Braelin Lettner, 14 months, a Nipmuc from Palmer, Mass., joins in the dancing at the 21st annual Harvard Pow Wow in Radcliffe Yard. Seated in Grafton, Mass., the Nipmuc Nation claims more than 500 citizens.
Erica Scott-Pacheco ’06 announces a blanket dance to honor classmate Clarence “Duane” Meat ’05-’07 (Anishinaabe). “I was very active in Native Americans at Harvard College,” she recalls. “As a freshman, I was excited to live in Matthews Hall, the site of the original Harvard Indian College in the 1640s. I encourage the University to honor its commitment to Harvard’s Charter of 1650 with continued support for Native students and scholarship.”
Merritt Baer ’06, HLS ’10, left, comforts Kathryn Fairbanks, a member of the Anishinaabe tribe from Leech Lake Nation in Minnesota, as she is honored with a blanket dance for her son, Clarence “Duane” Meat ’05-’07. Duane was killed while home in Minneapolis in 2006. Erica Scott-Pacheco ’06 is announcing the dance in the background.
Erica Kiemele (Blackfoot/Métis Nation of Alberta/Taiwanese), a fourth-year student at Harvard Medical School, dances across Radcliffe Yard. She is the co-leader of the HMS Native American Health Organization, a member of the HSPH Native American Student Organization, a teacher for HUNAP’s high school program, and is currently on an away rotation at the Northern Navajo Medical Center. Kiemele plans to practice emergency medicine in Native communities in the Pacific Northwest.
Caden Chase ’17 (Seneca/Cayuga), current co-president of Native Americans at Harvard College, poses with the HUNAP eagle feather staff. Chase recalls going to a Halloween party during his freshman year and encountering a non-Native woman dressed as Pocahontas, who greeted everyone with a raised hand as she said, “How!” “I don’t think she was doing it out of malice, just ignorance,” Chase says, “but thankfully I haven’t seen that again.”
“One of my most special memories as a Native student is the celebration of Indigenous Peoples’ Day,” says Ikaika Ramones ’16 (Native Hawaiian). “When Harvard celebrates Columbus Day, we celebrate the survival and resistance of our ancestors. As an ultra-minority on campus with little known about us, it meant a lot to hear our songs and poetry echo in Harvard Yard, see our dances where the Indian College once stood, and have a part of where we come from breathe and come to life. Seeing members of the Harvard community join hands in a final dance of commemoration was one of the most unexpected and powerful moments in my time here.”

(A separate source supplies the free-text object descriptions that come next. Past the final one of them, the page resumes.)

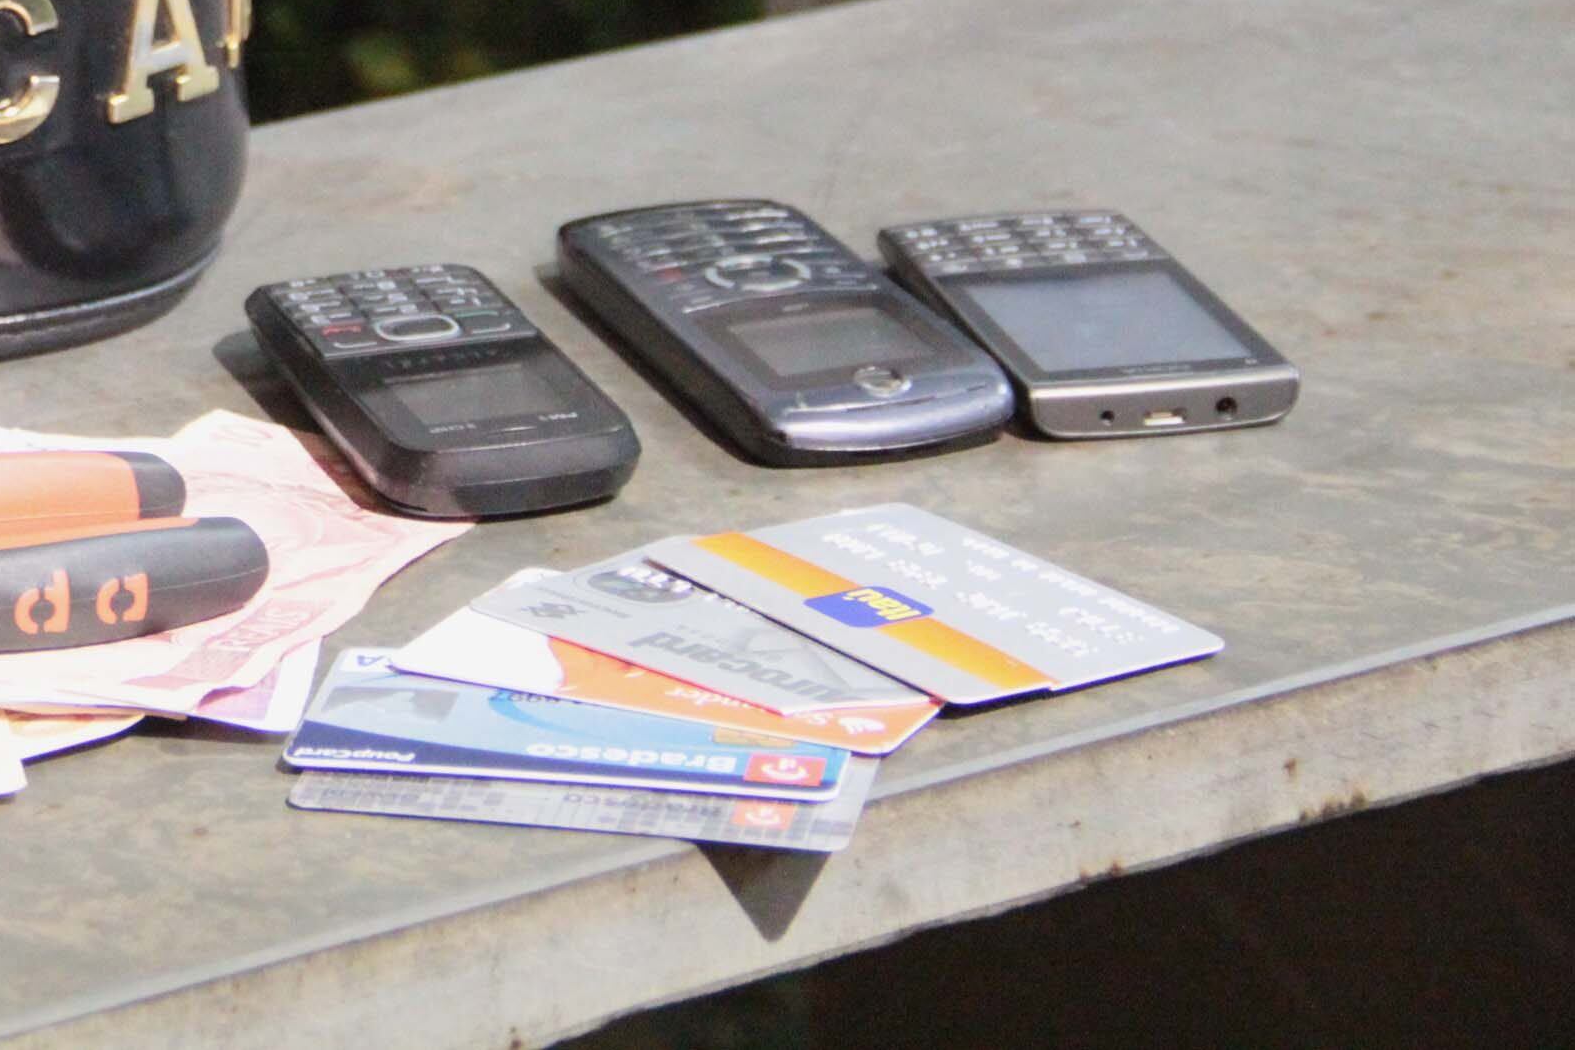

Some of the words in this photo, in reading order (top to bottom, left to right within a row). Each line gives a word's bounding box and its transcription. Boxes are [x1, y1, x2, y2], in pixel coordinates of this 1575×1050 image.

[846, 586, 922, 622] Itaú
[294, 746, 415, 763] PoupCard
[527, 743, 737, 773] Bradesco
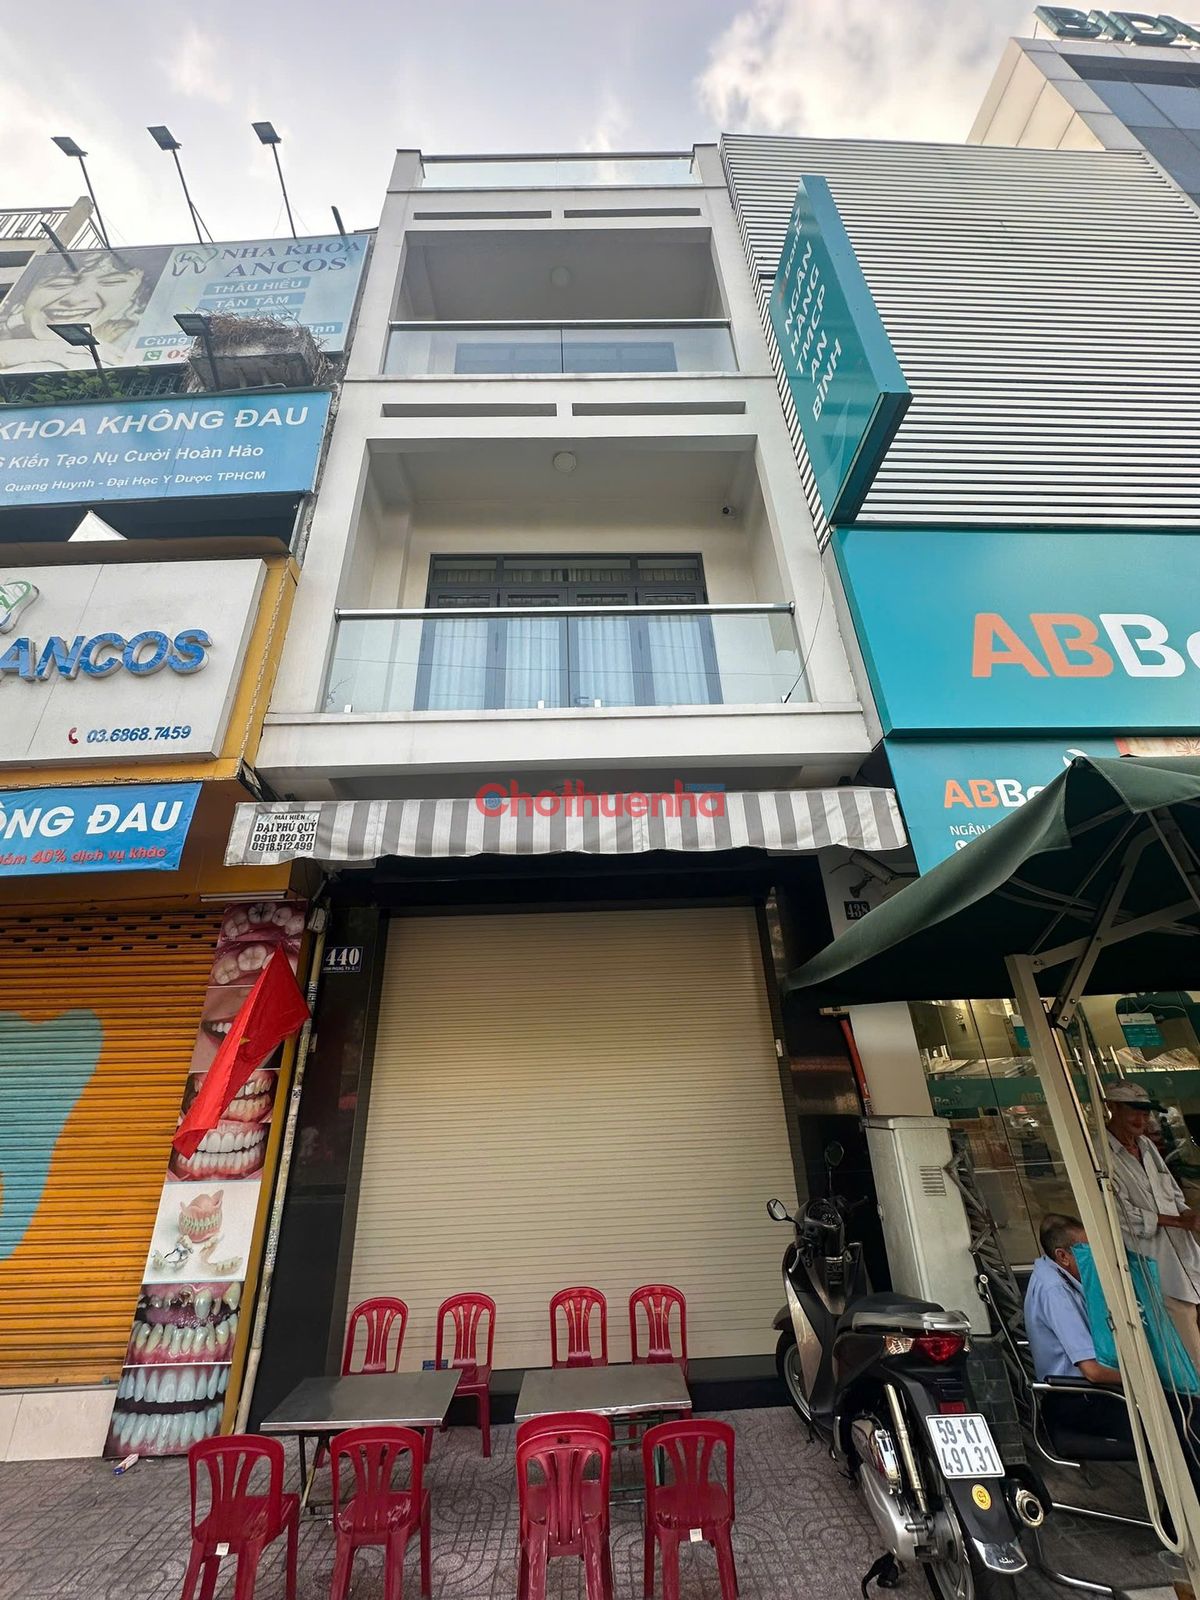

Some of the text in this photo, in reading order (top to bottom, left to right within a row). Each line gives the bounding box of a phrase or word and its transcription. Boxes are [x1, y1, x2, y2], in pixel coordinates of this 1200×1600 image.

[221, 241, 361, 260] NHA KHOA
[224, 256, 349, 278] ANCOS
[254, 294, 289, 306] TÂM
[796, 284, 825, 375] TMCP
[811, 329, 828, 384] AN
[0, 406, 309, 440] KHOA KHÔNG ĐAU
[8, 452, 49, 469] Kiến
[56, 453, 88, 468] Tạo
[92, 451, 119, 466] Nụ
[124, 446, 171, 463] Cười
[175, 445, 222, 460] Hoàn
[228, 444, 264, 458] Hảo
[4, 482, 49, 492] Quang
[51, 479, 95, 491] Huynh
[106, 476, 129, 488] Đại
[131, 475, 158, 487] Học
[163, 475, 172, 484] Y
[174, 472, 213, 484] Dược
[217, 470, 266, 482] TPHCM
[0, 628, 212, 682] ANCOS
[971, 612, 1200, 678] ABB
[86, 725, 192, 743] 03.6868.7459
[86, 800, 184, 835] ĐAU
[256, 822, 275, 834] ĐẠI
[276, 820, 296, 832] PHÚ
[253, 833, 277, 843] 0918
[949, 822, 986, 836] NGÂN
[30, 848, 67, 863] 40%
[71, 849, 105, 864] dịch
[107, 849, 126, 863] vụ
[129, 846, 168, 859] khác
[325, 948, 360, 966] 440
[940, 1445, 998, 1474] 491.31
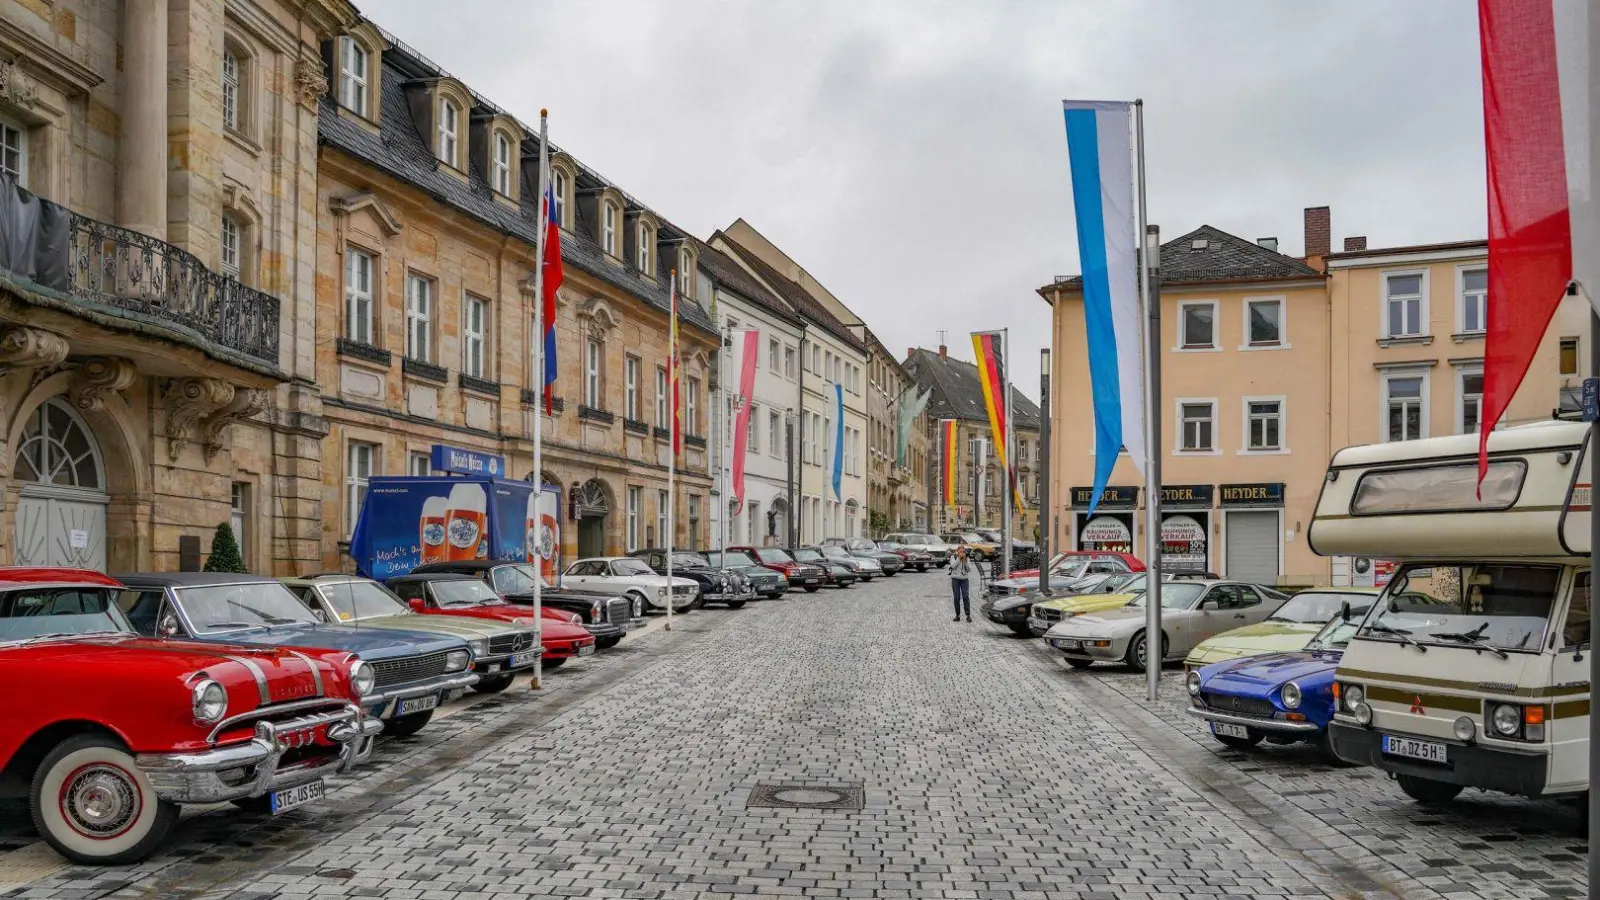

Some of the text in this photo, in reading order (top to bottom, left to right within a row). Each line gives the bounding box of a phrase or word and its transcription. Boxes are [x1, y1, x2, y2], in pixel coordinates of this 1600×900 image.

[1078, 490, 1118, 501] HEDER
[1160, 489, 1193, 500] EYDER
[1224, 487, 1267, 499] HEYDER
[1390, 738, 1402, 753] BT
[1408, 741, 1420, 756] DZ
[277, 790, 293, 809] STE
[297, 786, 309, 802] US

Rachael Cornelius ’16 (Oneida) stands in front of a U.S. map with tabs showing the hometowns of Native students at Harvard. “The Harvard University Native American Program has been my home away from home,” she says. “I spent many nights working out chemistry equations on HUNAP’s giant white board, overusing the coffee maker, and falling asleep on the sofa. Through both HUNAP and Native Americans at Harvard College, the community comes together as a family through dance, art, and food. I know the strong ties we made will not be undone by our graduation.”